Cushman Dam No. 1 is a hydroelectric dam on the North Fork of the Skokomish River in Mason County, Washington, which impounds and enlarges the naturally occurring Lake Cushman. Built by Tacoma City Light (now Tacoma Power) between 1923 –1926 as Tacoma's demand for electricity grew rapidly after World War I. Tacoma City Light's Nisqually River Hydroelectric Project, built in 1912, could not meet the demand and the utility decided to build a new hydroelectric project on the North Fork Skokomish River. The dam and powerhouse first began to deliver electricity on March 23, 1926.
It has a concrete arch design and includes 90,000 cubic yards (69,000 m^{3}) of concrete, covering a whole 6,244 ft of water.

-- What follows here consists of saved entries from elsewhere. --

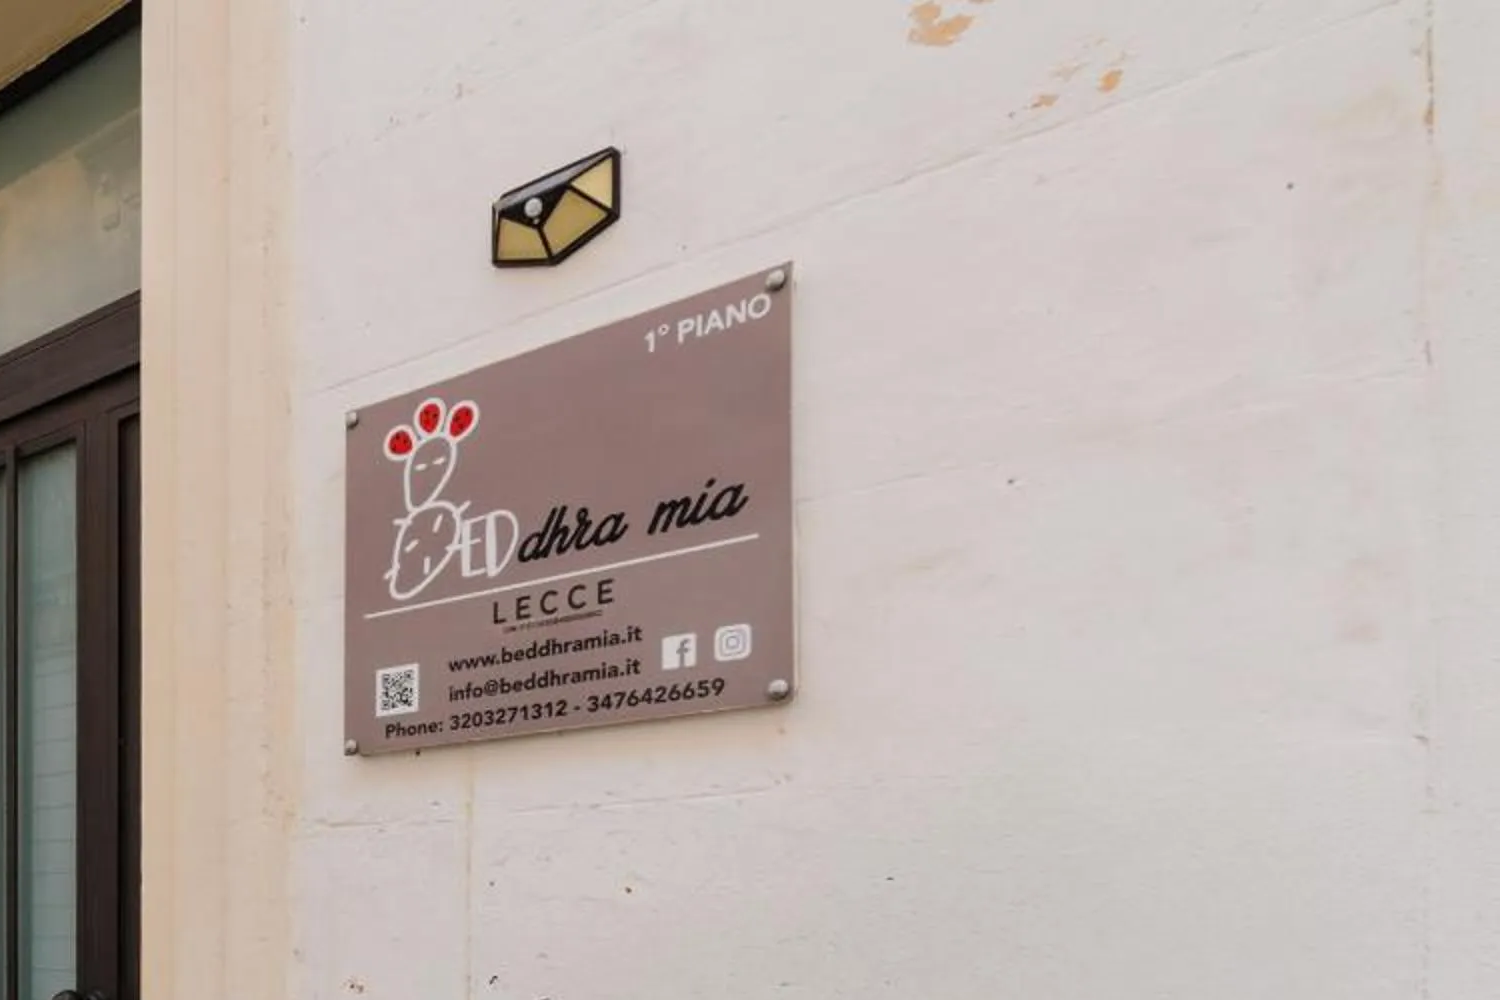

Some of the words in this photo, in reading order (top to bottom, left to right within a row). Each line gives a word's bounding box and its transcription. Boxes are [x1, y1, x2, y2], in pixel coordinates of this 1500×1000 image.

[644, 323, 670, 353] 1°
[677, 293, 772, 344] PIANO
[647, 477, 749, 535] mia
[492, 578, 615, 625] LECCE
[448, 625, 644, 673] www.beddhramia.it
[448, 658, 641, 703] info@beddhramia.it
[385, 720, 444, 739] Phone:
[449, 699, 568, 731] 3203271312
[587, 677, 726, 713] 3476426659

Construction of the development began by May 23, 1923, with the construction of an incline tram under the commissioner Ira S. Davisson. It has a top width of 8 ft and a base width of 50 ft, at 275 ft high and 1,111 ft long. The transmission of electricity to Tacoma, over lines crossing Tacoma Narrows, was dedicated on May 24, 1926, with the push of a button by President Calvin Coolidge in a ceremony at the White House. Although there was a fanciful claim by Davisson later that U.S. President Coolidge "touched the key" that "sent current pulsing from Washington, D.C. into the Olympic Mountains and set the huge turbines whirring", the current generated was not sent from Washington, D.C., and plant was in operation for two months before President Coolidge (on May 24) pressed a "special key" button at the White House to signal the official opening and celebration. The generation of electricity on March 23, 1926, had been started "without ceremony or celebration" and residents of Tacoma were "unaware that the generation of power from the Cushman project had been realized". A contemporary account noted that Davisson and superintendent Alvin F. Darland "threw the switches and made the connections which sent the mighty pulsations of electrical power speeding over the cables of the 42-mile transmission line into Tacoma."
A second, smaller dam, Cushman Dam No. 2, 3.2 km downstream of Dam No. 1, was completed by December 1930.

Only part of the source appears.